Thursday 9 March 2017

Ratites; the ancients of the bird world. #1 Who are they?

Across the southern lands are (and in some cases were) scattered a series of mostly giant, flightless birds, whose significance we often overlook. We call them the ratites, from Latin for a raft, a reference to the flat breastbone - if you no longer fly, you no longer need either the great flight muscles (some 15% of your bodyweight) or the keel on your breastbone to anchor them. 
Emus Dromaius novaehollandiae near Esperance, Western Australia.
Their significance in the world of birds is their undisputed role as The Elders. The most fundamental subdivision of the world of birds is not, as one might expect, into Passerines and Non-passerines, but into the Palaeognaths (the 'ancient palates') and the Neognaths ('new palates'). The details of the palates needn't concern us here, but the elemental subdivision thus created certainly does, because the Palaeognaths comprise just the ratites and their associated 'sister group' the South American tinamous (but more on them later). It's just them versus every other living bird!

Since we've started this introduction to them in Australia, we might as well continue here. When Europeans arrived here there were probably three species of emus. The small emus on Kangaroo Island (off the coast of South Australia) and King Island (in Bass Strait between the mainland and Tasmania) are generally regarded as separate species (D. baudinianus and D. ater respectively), but the evidence is tragically limited, with only one and three skins respectively surviving. Some authorities take a more cautious approach and regard them as sub-species. There were also Tasmanian Emus which were almost certainly the same species as the mainland birds; they were gone by the 1860s, while the other two were exterminated horrifically soon after the arrival of Europeans in the early decades of the century.
Kangaroo Island Emus, by French self-taught natural history artist Charles-Alexandre Lesueur, who
sailed with the Baudin expedition of 1800-1803. While visiting Kangaroo Island they captured two
unfortunate emus and took them back to France.
On the mainland they're still doing well, though they retreat from settlement and are now very rare in the south-eastern highlands. I'll talk more about Emus than the others, both because I know them best, and because much of the information about them can be used to compare the others.
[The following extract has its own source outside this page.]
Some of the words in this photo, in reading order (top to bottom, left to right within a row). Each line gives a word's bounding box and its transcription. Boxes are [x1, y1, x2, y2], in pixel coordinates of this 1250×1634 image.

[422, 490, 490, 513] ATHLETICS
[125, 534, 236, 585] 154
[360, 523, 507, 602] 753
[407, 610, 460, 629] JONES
Emus on the Hay Plain, south-western New South Wales.
They are found across all of inland Australia, where they are nomadic, following the rains and feeding on seeds or fruits or caterpillars or grasshoppers as conditions dictate. This nomadism and their disdain for fences has led to many of their problems with European settlement. In Western Australia the 'Great Emu War' of 1932 was fought between migrating mobs of over 20,000 emus, and the Australian army with machine guns and grenades, called in by the WA government. Jock Marshall in his pioneering conservation work The Great Extermination (published in 1966, just before he died, far too young) reports "History does not record the name of the CO emus, but he must have been a good chap". It seems that perhaps only a dozen emus were killed, and the government had to withdraw the military to save them from further embarrassment.
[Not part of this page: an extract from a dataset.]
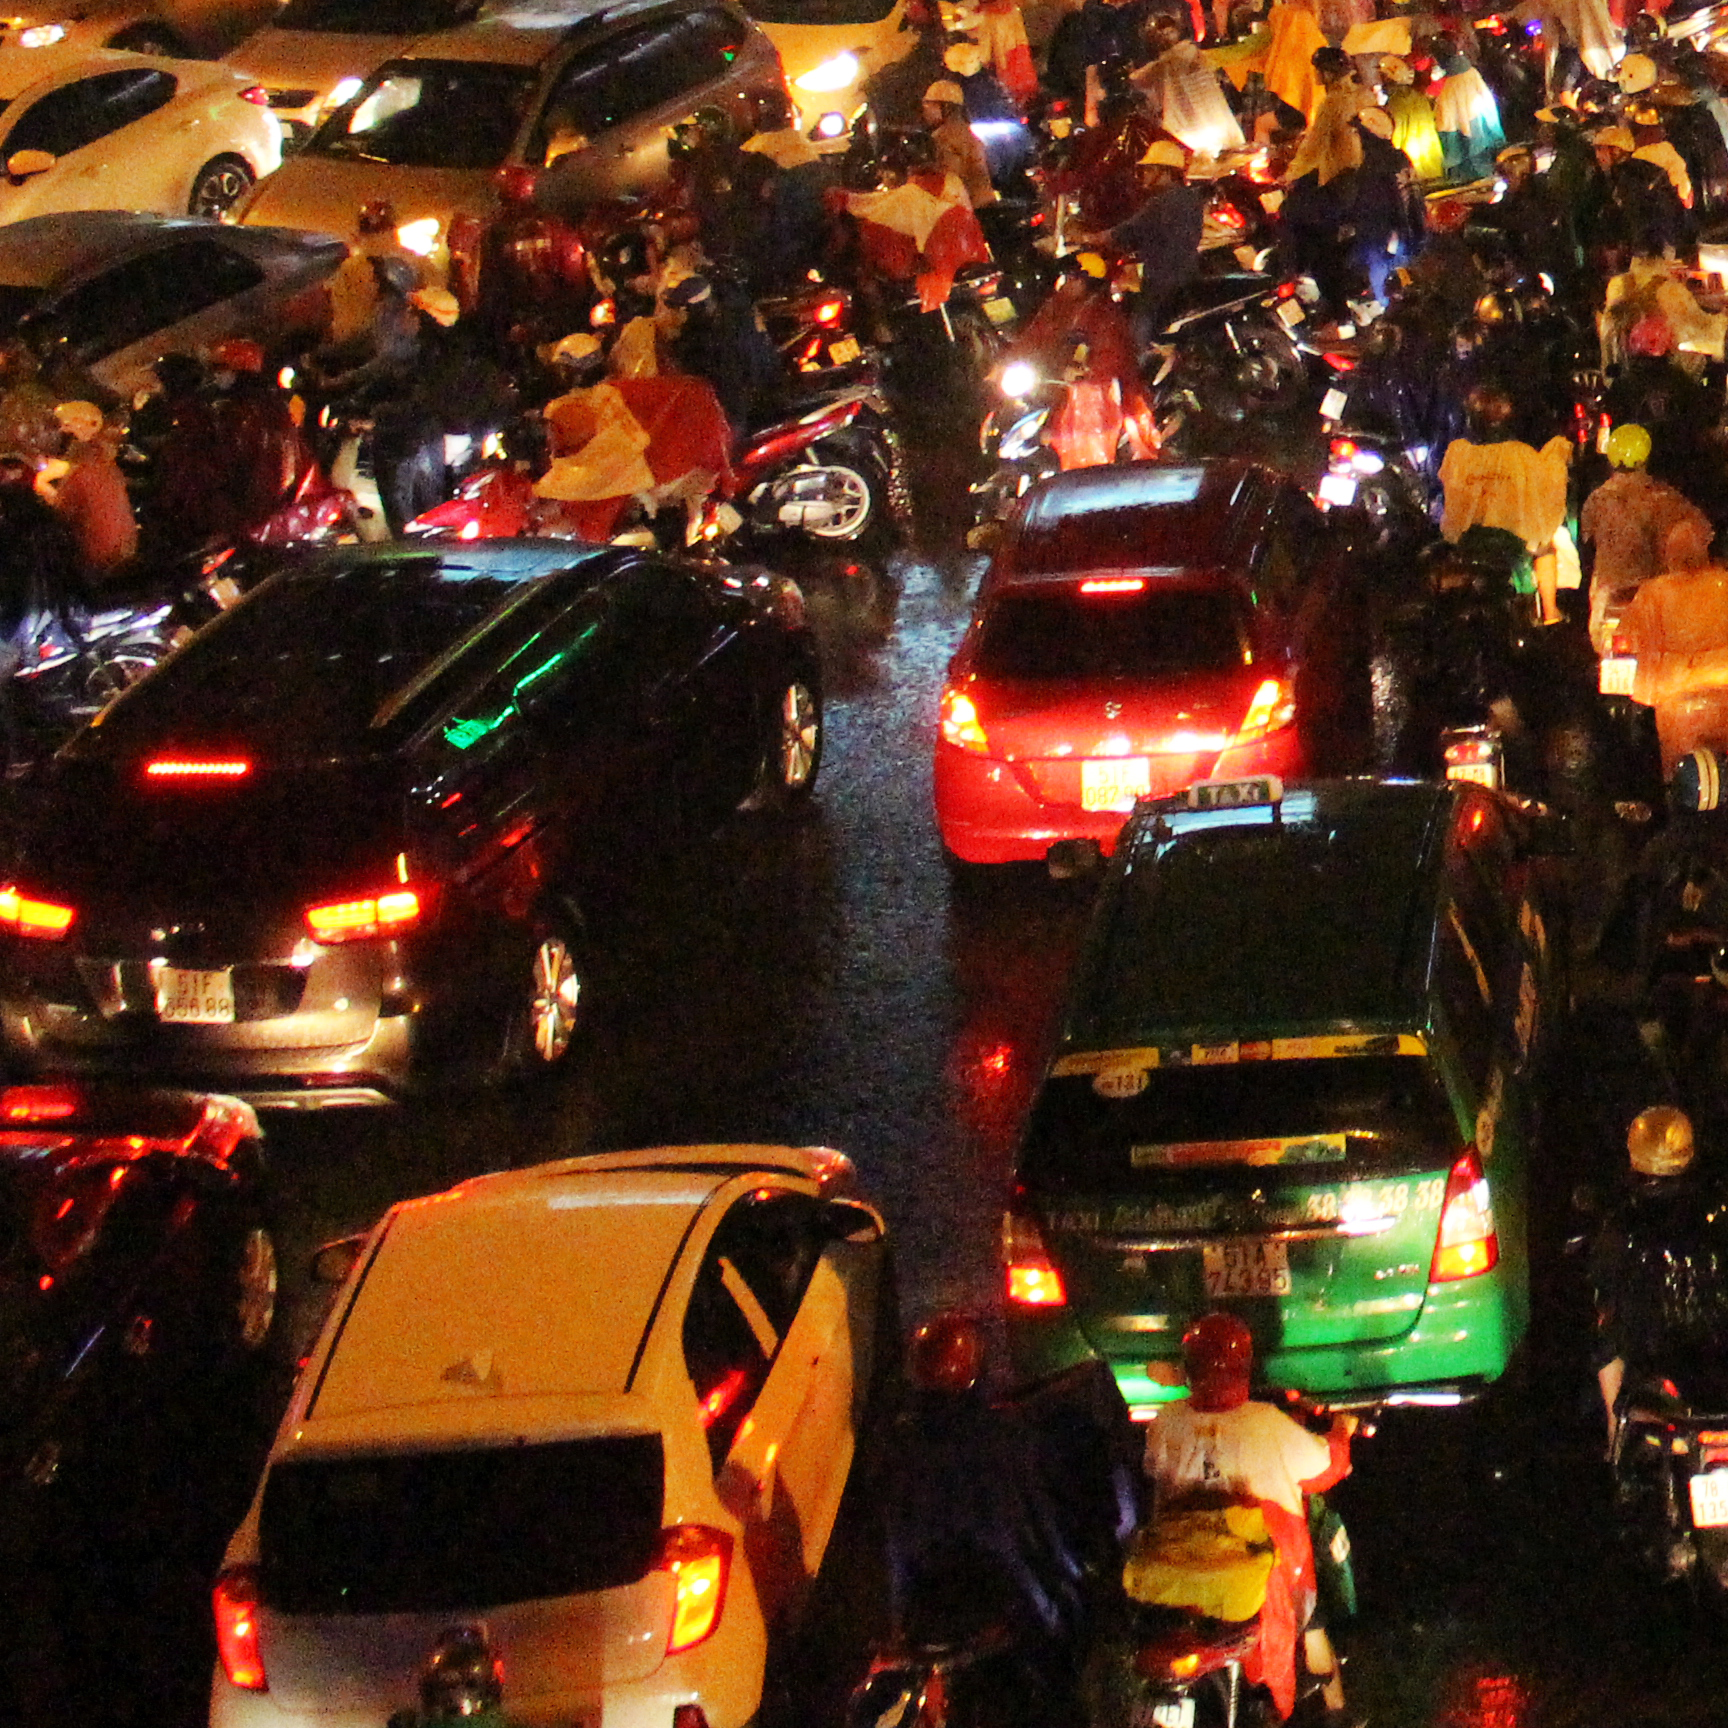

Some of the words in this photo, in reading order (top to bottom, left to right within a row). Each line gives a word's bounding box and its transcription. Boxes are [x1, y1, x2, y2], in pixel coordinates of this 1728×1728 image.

[1208, 781, 1260, 802] TAXI
[1379, 1183, 1410, 1216] 38
[1415, 1177, 1446, 1210] 38
Like most ratites, Emus are polyandrous, though they start off the breeding cycle as a pair in mid-summer, and dally for about five months. In late May and June she lays up to 20 large dark green eggs in a scrape on the ground, totalling up to 15kg. Not surprisingly, she reckons by now that enough is enough, and she plays no further part in the process, though if she’s still feeling frisky she can go off and do it all again with someone else! Each time she leaves the father in sole charge. He broods for eight weeks, and during the whole time he lives off his body reserves without eating, drinking or defecating, rousing only to turn the eggs several times daily. In this part of the world eggs were apparently laid in about July, which meant that the male was incubating in the snow.

Emu eggs, north-western New South Wales.
In South America rheas are even more Bohemian (from a very anthropomorphic perspective!). The texts tell us that “males are simultaneously polygynous, females are serially polyandrous”, which means that males become territorial, while females form small mobile groups which roam around seeking collective dalliance with likely-liking blokes. He mates with the group of females who all lay eggs in his nest, then go off to look for another bloke to do it all again.  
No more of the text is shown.